This year has been absolute crap for honey mushrooms, but I have snagged a couple. Their season is lightning fast, a few days late; you will miss it altogether. I love these mushrooms, but not nearly as much as the families from Eastern Europe who stalk our Minnesota woods.
When I first became aware of honeys, I stumbled upon a large cache of them which boggled my mind. It seemed nearly every tree in the entire forest I was in was infected with them. I picked about 20lbs of the most perfect buttons in an hour or two and then headed out to the nearest restaurant I knew that would buy them. (I would wager I saw at least 100lbs of mixed age honeys in this particular spot one day!) They had never heard of the things, but after I cooked a few for the head chef I will never forget his reaction: “Delicious!-with a sweet note”.
Honey mushrooms definitely have a sweet note that builds after you taste them. It is a rich, umami quality, much deeper than any shiitake (they are in the same family) could ever be. Every person I have ever served them to has loved them. Eastern European grandmothers have a particular predilection for these. I have owned and read a few different antique Russian and Ukranian cookbooks, they often call for an ingredient known as “Pidpenky”: the honey mushroom.
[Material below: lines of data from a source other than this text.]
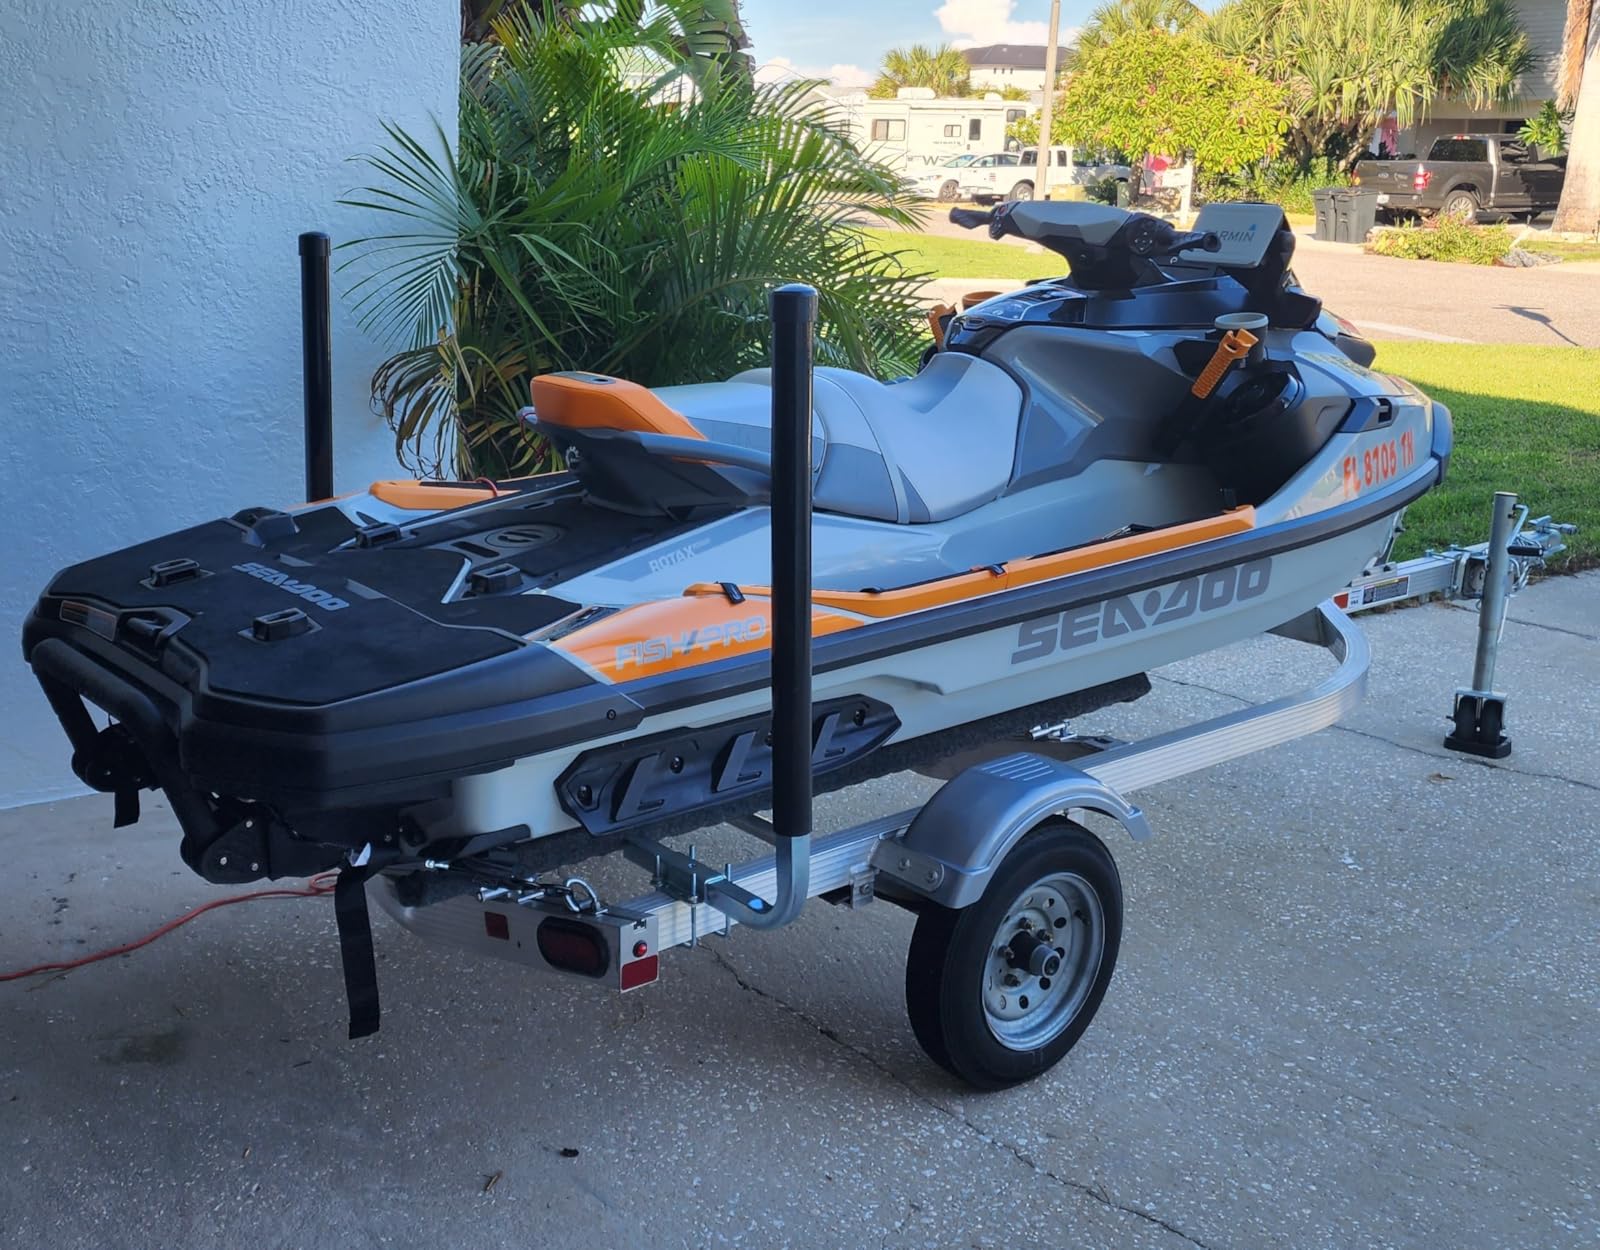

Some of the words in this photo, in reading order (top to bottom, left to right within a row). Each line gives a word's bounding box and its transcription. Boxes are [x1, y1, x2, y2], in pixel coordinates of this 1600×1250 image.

[1215, 230, 1255, 242] RMIN
[1343, 455, 1361, 498] FL
[648, 545, 696, 576] ROTAX
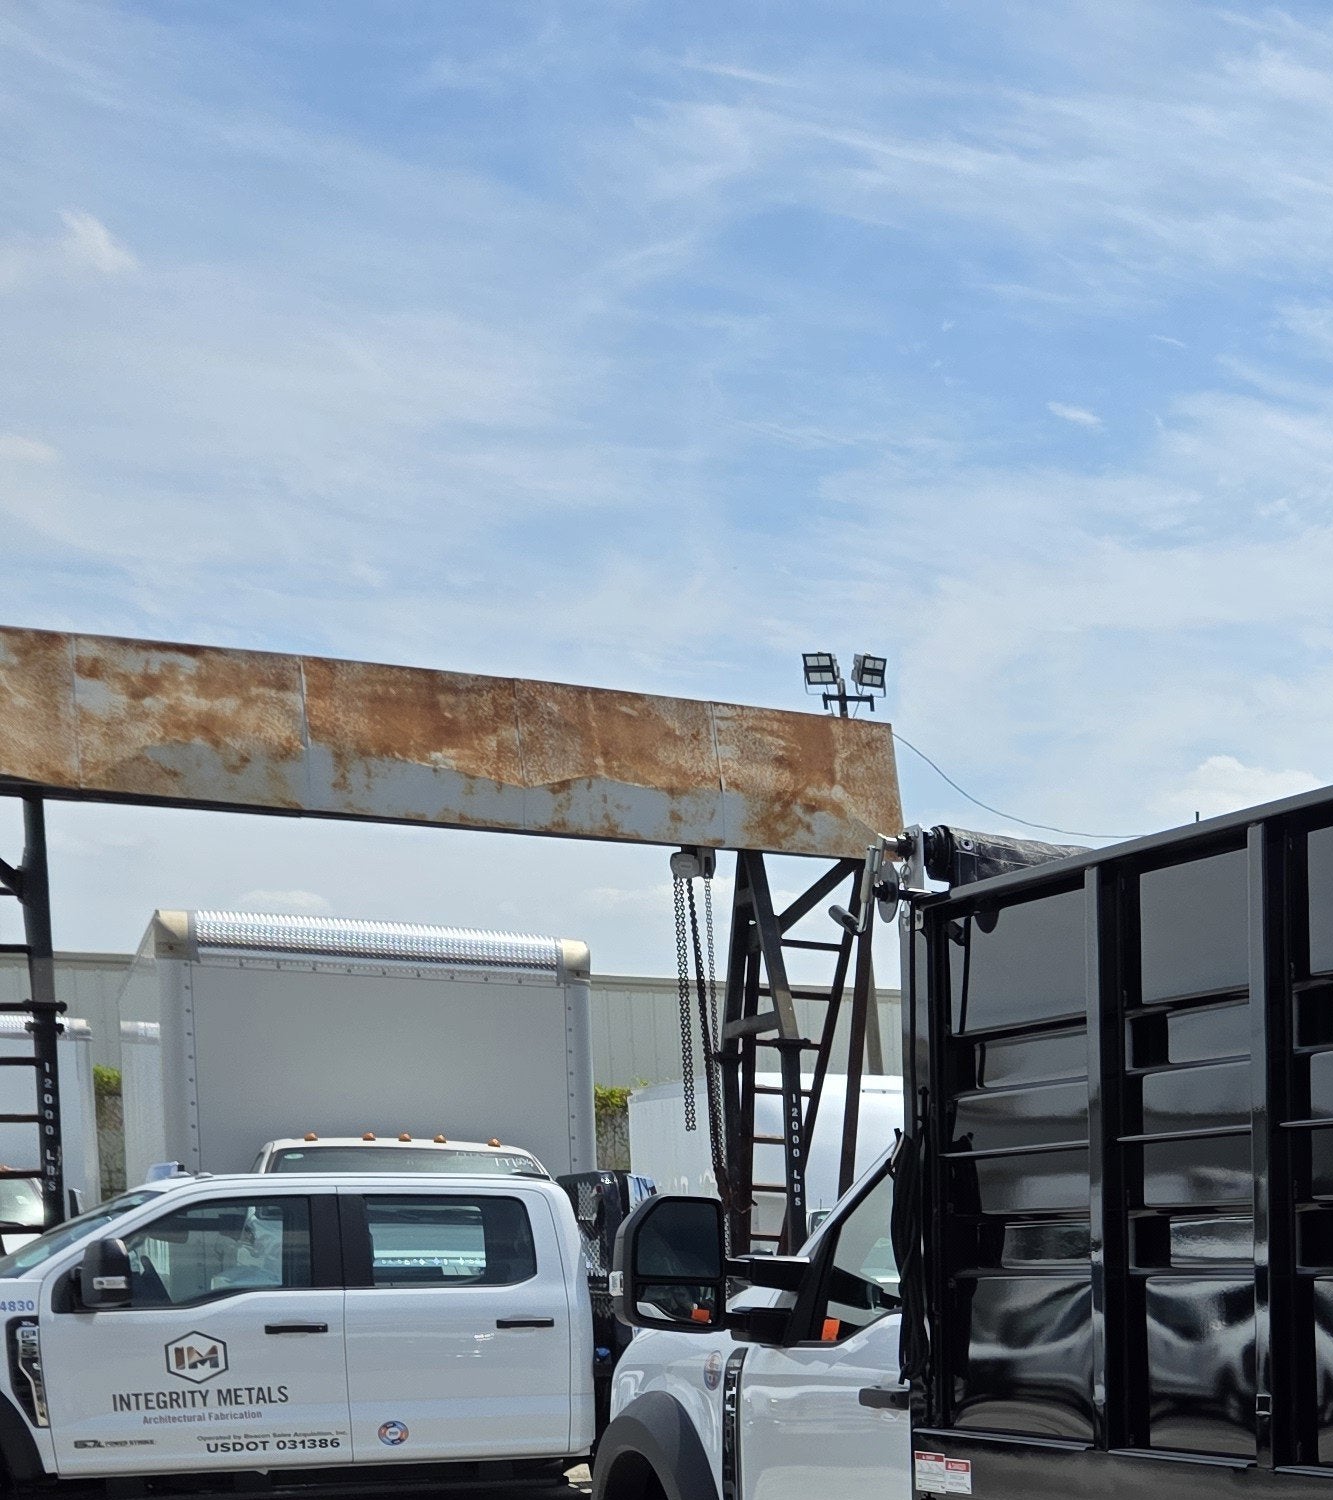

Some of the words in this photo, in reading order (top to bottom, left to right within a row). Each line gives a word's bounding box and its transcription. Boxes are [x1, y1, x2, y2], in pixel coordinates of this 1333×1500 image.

[43, 1062, 55, 1135] 12000
[46, 1149, 56, 1191] LBS
[112, 1389, 210, 1412] INTEGRITY
[217, 1385, 289, 1406] METALS
[142, 1412, 206, 1425] Architectural
[208, 1410, 263, 1421] Fabrication
[206, 1440, 270, 1453] USDOT
[276, 1438, 341, 1451] 031386
Another thing I was quite ignorant about was the structure of the honey mushroom itself. They grow to have stems that are ridiculously long, sometimes I have seen some over a foot long. Now with any mushroom I will typically cut the stem up to where any sort of bug damage ends to discourage further gorging, but with honeys I saw the stem as nothing but a nuisance. I would just swipe off the caps and toss them in my bag. Little did I know I was making a huge mistake.
Just like the greens of beets and turnips can be cooked alongside their underground counterpart, the long stem of the honey mushroom is part of the mushroom, and it shouldn’t be wasted. If you find really nice specimens with no bug damage, you can really come away with a serious haul of free, delicious food. All it takes is a couple minutes to peel them and you basically just doubled your haul. I’ll admit, the stem is not as choice as the caps themselves, but they are still great to eat, and could be made into any number of things, If you don’t want to just throw them into the frying pan.
Sauteed Honey Mushroom Caps and Stems
Remember to always cook honeys thoroughly, make darn sure they are done. If they are not cooked through they could give you an upset stomach. Fear not though, people around the world enjoy these and have been hunting them since, well, forever. The MN mycological society bans these at all of their communal potlucks, and that is understandable since their origin and species are difficult to ascertain.
- Long clusters of honey mushrooms and their attached stems
- Kosher salt and pepper
- Fat for sauteing, like lard, grapeseed or canola
- 1 Tbsp unsalted butter
- Trim the caps from the honey mushrooms and peel the stems. Heat a pan with oil until lightly smoking and add the mushroom caps, cook the caps for 3 minutes on high heat until lightly colored, then add the stems and saute for another 3 minutes.
- Continue cooking the mushrooms until they are well colored and thoroughly cooked. When the mushrooms are golden and caramelized, add the butter, and season with salt and pepper to taste. Remove the mushrooms to paper towels to drain excess oil, then serve immediately.
Alas, I cannot take credit for this method. I David Arora’s book All The Rain Promises And More, he describes this very use of honey mushroom stems. When I read this for the first time though it was a revelation to me: “So thats how I can process and make use of that huge stem!”
After I tried this with honey mushrooms, I began to experiment with other types of mushrooms in the same family (Armillaria) that the honeys are in. Shiitake mushrooms are a great example. Typically people will just cut off the stem of shiitake and call it a day. If you have large cultivated specimens though, they may come with extra big stems.This method works as well for large stems like agaricus bisporus and it’s shackled cousins from your grocery store (cremini, white button, portobello).